Supreme Court of North Carolina
Nov 1, 1900
37 S.E. 157 (N.C. 1900)


(7 November, 1900.)

1. SLANDER — General Issue — Plea — Evidence — Competency — Damages.

When defendant pleads general issue, in a suit for slander, evidence in justification or mitigation is incompetent.

2. SLANDER — Special Damages — Vindictive Damages — Malice — Exemplary — Damages — Punitive Damages — Libel.

When the slander amounts to an indictable felony, it is not necessary to prove actual or special damages, and vindictive damages may be awarded if malice be shown.

3. INSTRUCTIONS — Review — Appeal.

When the trial judge states that he adverted fully to the evidence, and it does not appear that he was requested to put his charge in writing, it will be presumed that he complied fully with sec. 413 of The Code.

ACTION by James W. Upchurch against George Robertson, heard by Judge W. A. Hoke and a jury, at Spring Term, 1900, WAKE. From judgment for plaintiff, the defendant appealed.

Armistead Jones, for plaintiff.

Douglass Simms, for defendant. (128)

The plaintiff in his complaint alleged that the defendant, to destroy his credit and standing in the community, falsely and maliciously spoke and published of and concerning the plaintiff certain false and scandalous and malicious words, as follows: "He (meaning the plaintiff) stole a half bushel of my corn (meaning defendant's corn)" and that the plaintiff was damaged in the sum $5,000 by reason of those false and malicious and defamatory words. Defendant in his answer denied that he had used the language complained of; that is, under the old practice, his plea was that of the general issue. There were verdict and judgment for $100 in favor of the plaintiff, and the defendant appealed.

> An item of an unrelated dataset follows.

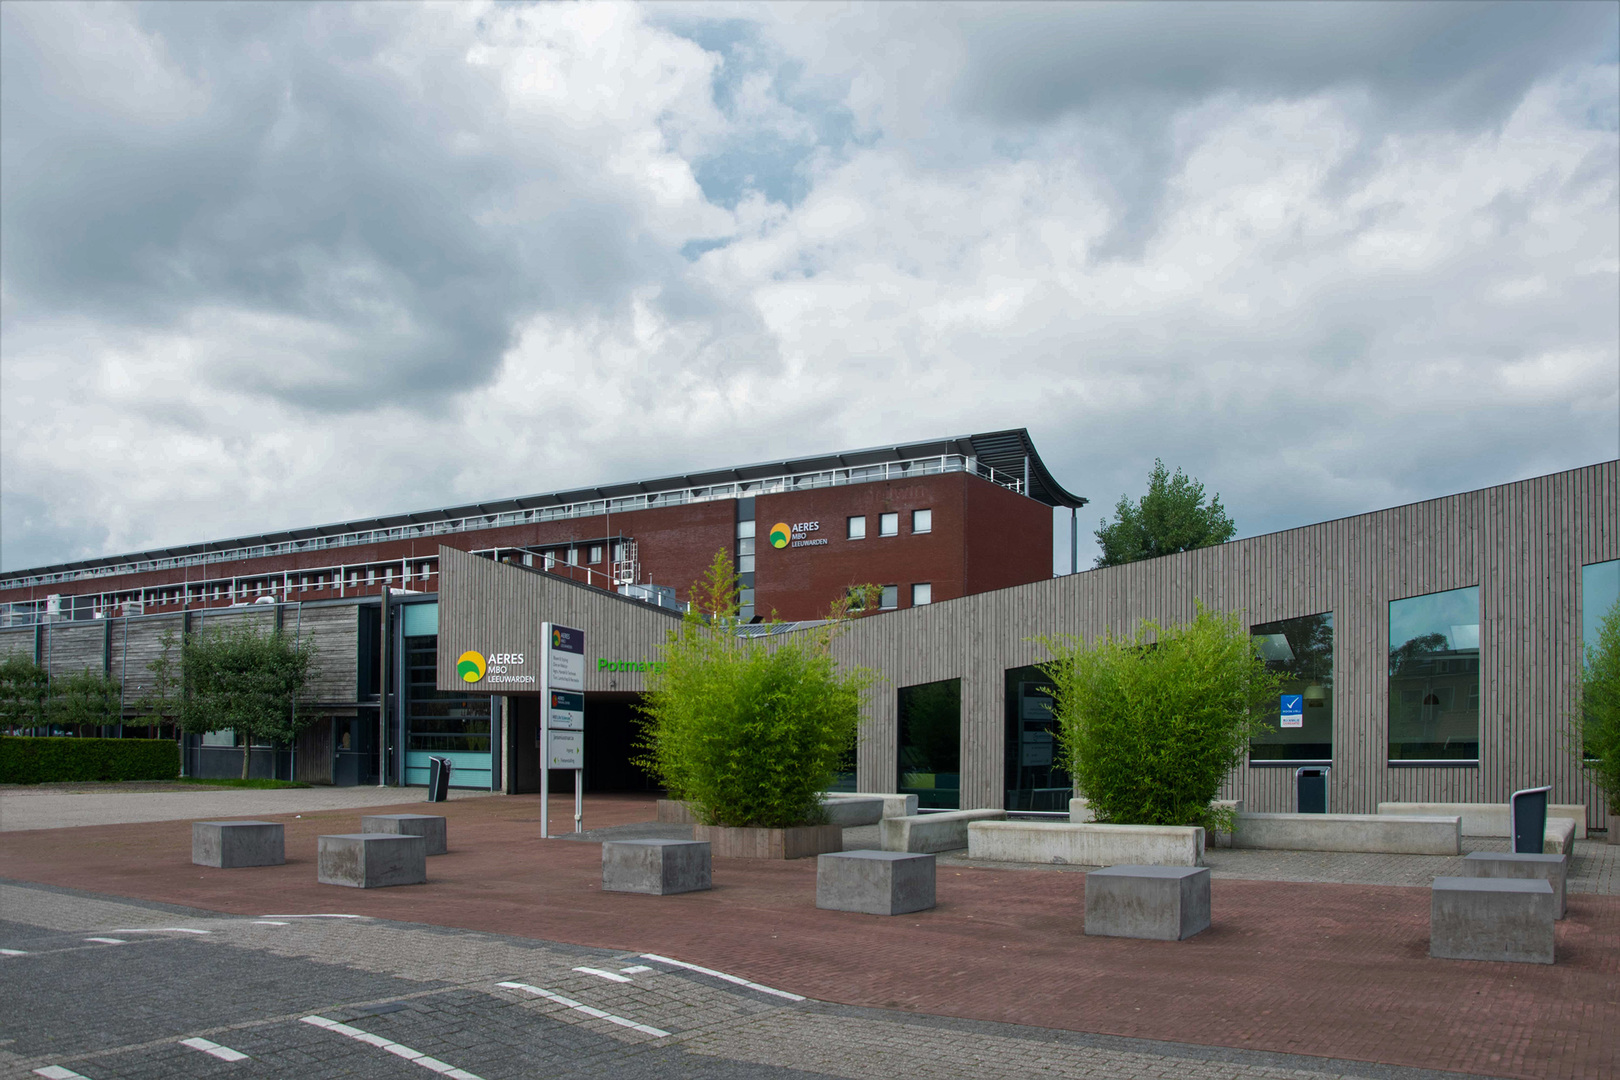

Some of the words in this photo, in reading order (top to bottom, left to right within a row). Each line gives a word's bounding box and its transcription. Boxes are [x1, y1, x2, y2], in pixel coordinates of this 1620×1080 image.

His exceptions to the rejection of his evidence by the Court can not be sustained. It was offered either in justification or in mitigation of damages. His Honor did not receive it, because the defendant in his answer relied on the general issue, and set up neither justification nor mitigating circumstances. Smith v. Smith, 30 N.C. 29; Knott v. Burwell, 96 N.C. 278. Under sec. 266 of The Code, however, it is provided that in actions of slander the defendant in his answer may plead "both the truth of the matter charged as defamatory, and any mitigating circumstances to reduce the amount of damages." But, as we have seen, the defendant did not avail himself in his answer of The Code provision. In McDougald v. Coward, 95 N.C. 368, cited by the defendant's counsel, such evidence as was rejected in this case was received there; but the defendant pleaded justification, and set out the mitigating circumstances under which the words were spoken.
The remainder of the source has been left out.